*** Opening Given information ***

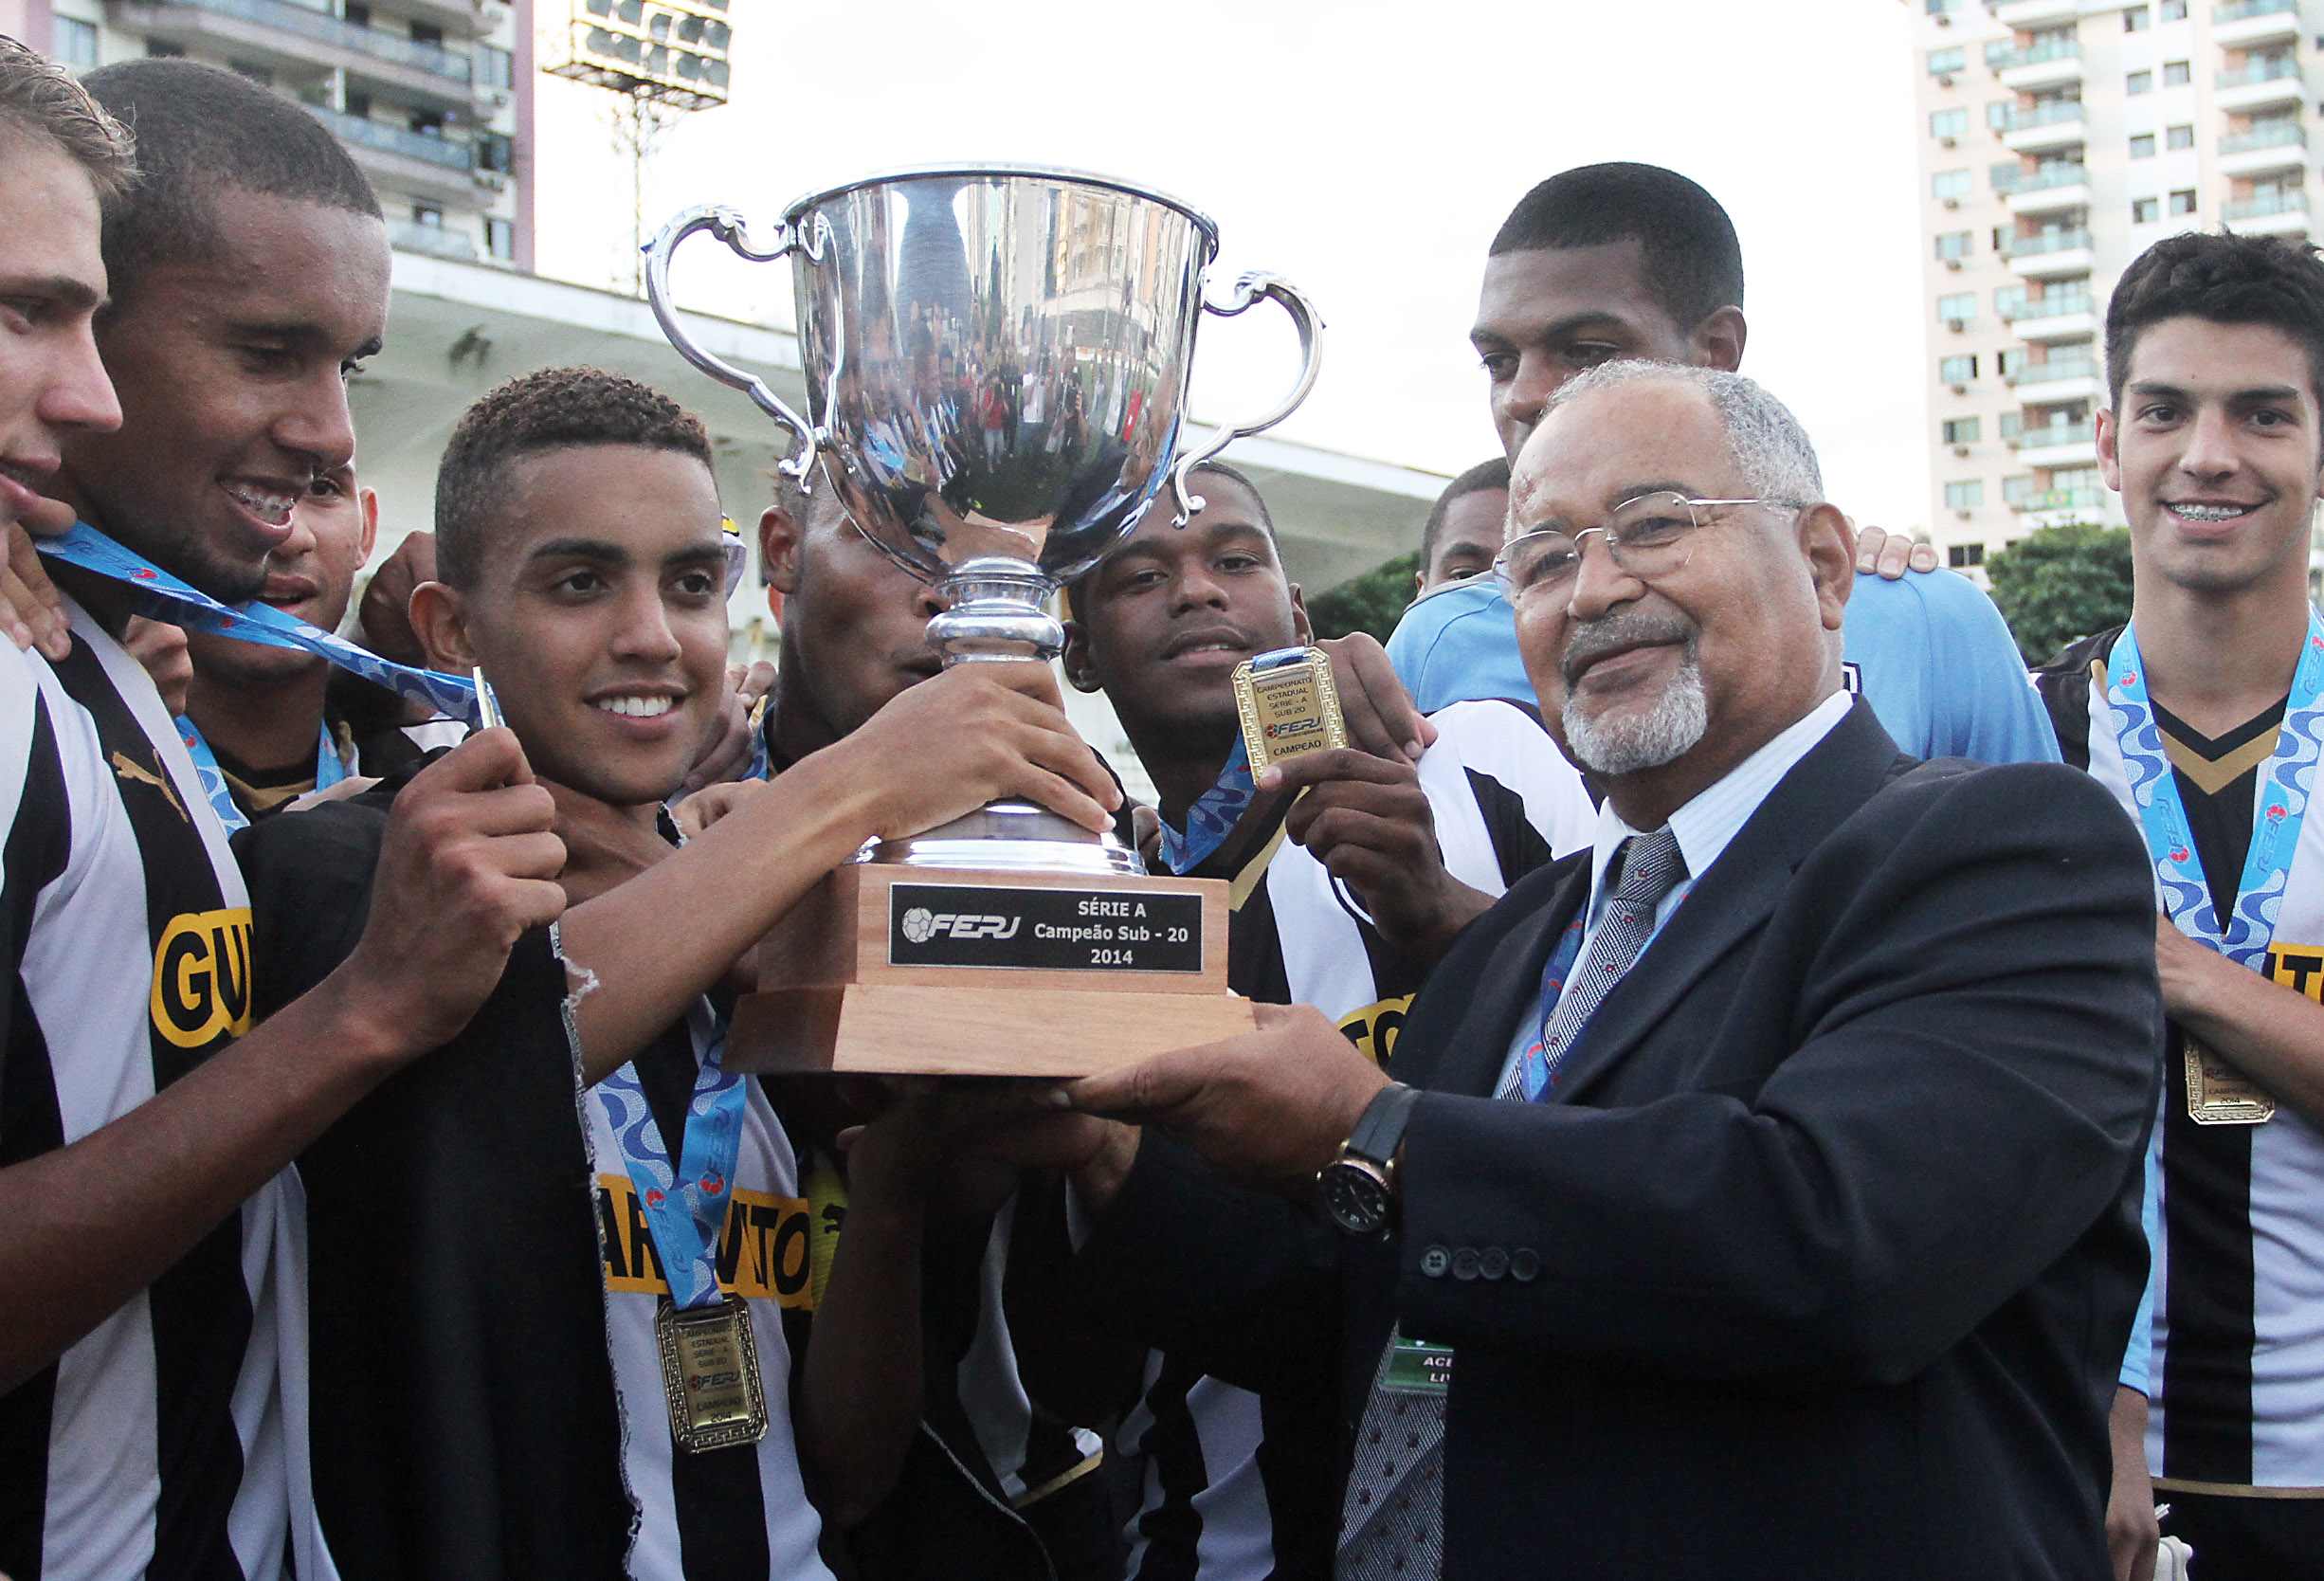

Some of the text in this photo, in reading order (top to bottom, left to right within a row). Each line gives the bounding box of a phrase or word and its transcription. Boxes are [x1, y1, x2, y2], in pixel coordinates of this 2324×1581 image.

[1257, 677, 1313, 694] CAMPEONATO
[1266, 687, 1309, 701] ESTADUAL
[1274, 705, 1306, 718] SUB 20
[1278, 717, 1321, 735] FERJ
[1078, 897, 1147, 918] SÉRIE A
[927, 913, 1022, 939] FERJ
[1034, 922, 1114, 942] Campeão
[1117, 925, 1150, 941] Sub
[1167, 927, 1189, 942] 20
[1090, 948, 1134, 965] 2014
[161, 922, 253, 1032] GU
[691, 1336, 730, 1348] ESTADUAL
[699, 1358, 716, 1368] SUB
[700, 1370, 740, 1387] FERJ
[1429, 1372, 1450, 1383] LI
[710, 1411, 732, 1423] 2014
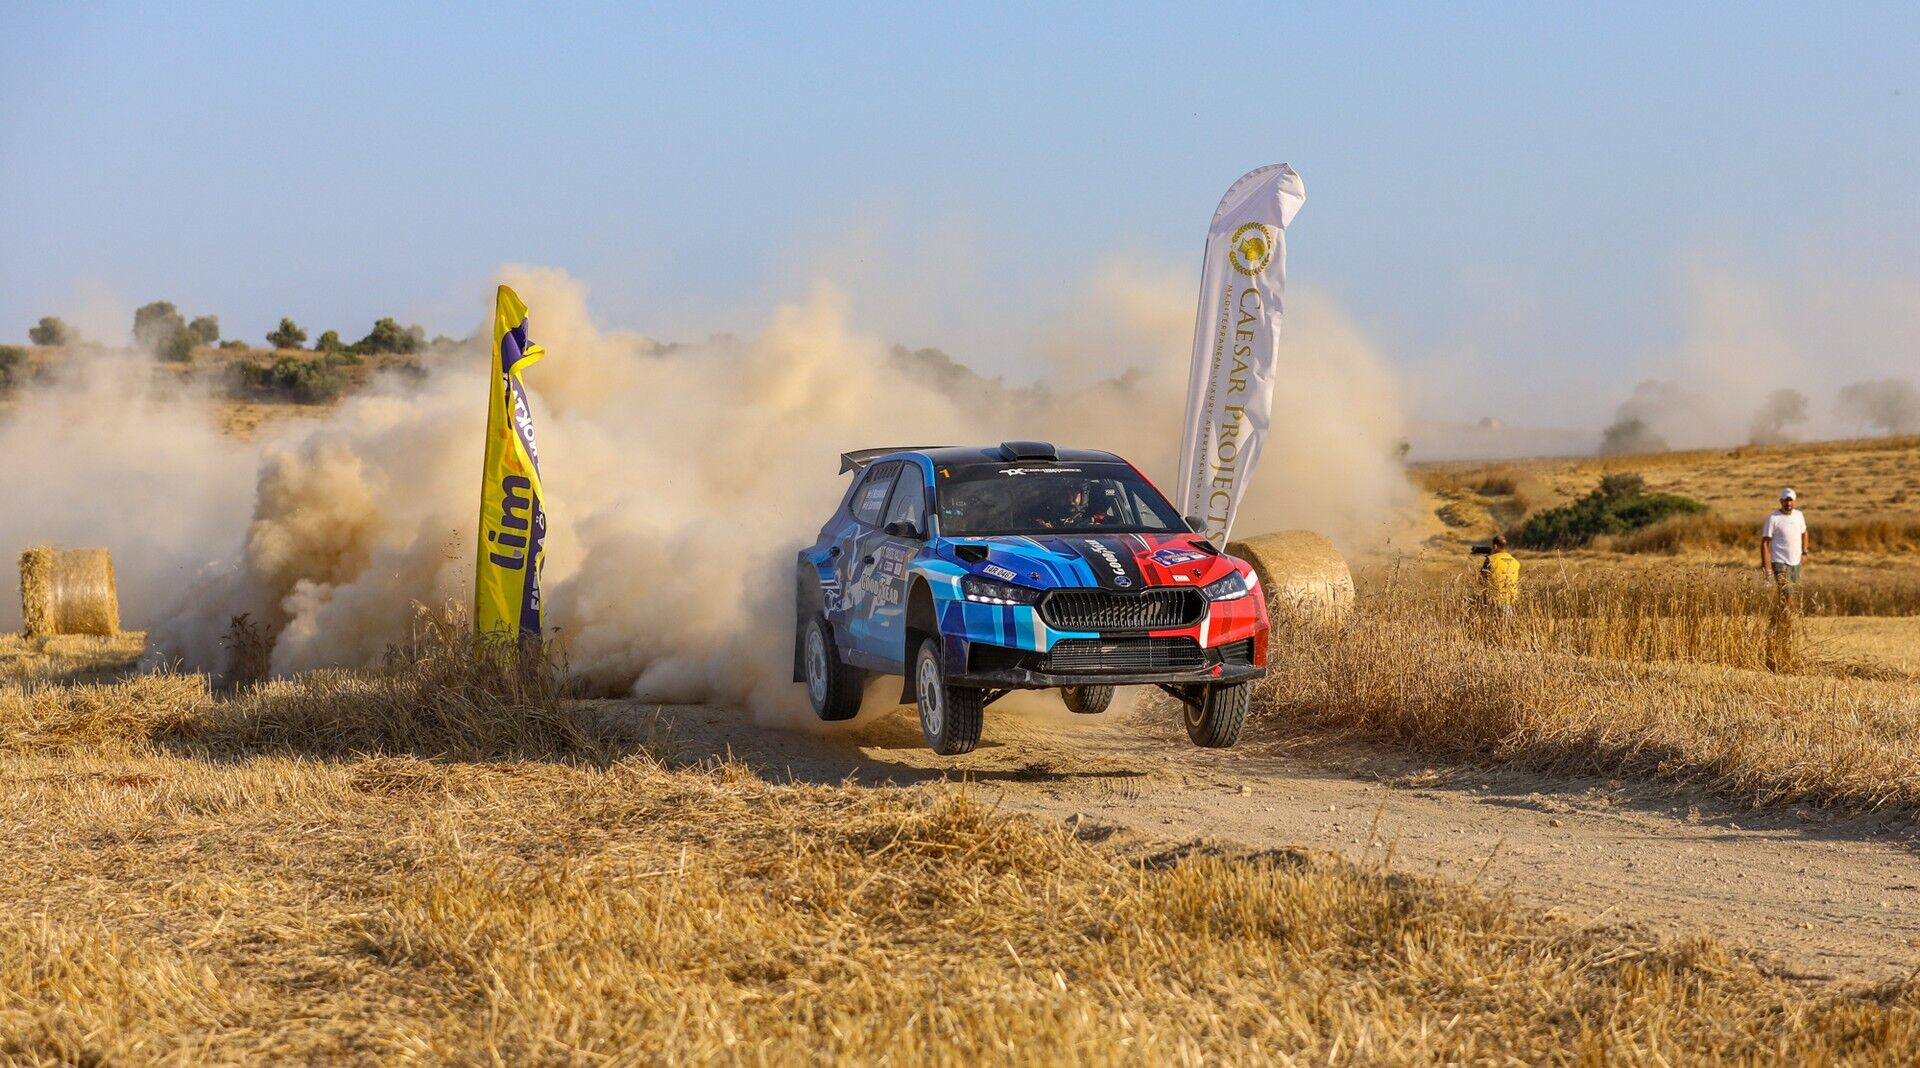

*** Closing Given information ***

Problem requirements:
Print out each record exactly as shown, but keep the pictures out.

Solved problem:
Some of the text in this photo, in reading order (top to bottom, left to right within a row). Each line gives the bounding box of a phrase or word and its transcription. Boxes are [x1, y1, x2, y2], in pixel coordinates of this 2324×1581 image.

[1257, 677, 1313, 694] CAMPEONATO
[1266, 687, 1309, 701] ESTADUAL
[1274, 705, 1306, 718] SUB 20
[1278, 717, 1321, 735] FERJ
[1078, 897, 1147, 918] SÉRIE A
[927, 913, 1022, 939] FERJ
[1034, 922, 1114, 942] Campeão
[1117, 925, 1150, 941] Sub
[1167, 927, 1189, 942] 20
[1090, 948, 1134, 965] 2014
[161, 922, 253, 1032] GU
[691, 1336, 730, 1348] ESTADUAL
[699, 1358, 716, 1368] SUB
[700, 1370, 740, 1387] FERJ
[1429, 1372, 1450, 1383] LI
[710, 1411, 732, 1423] 2014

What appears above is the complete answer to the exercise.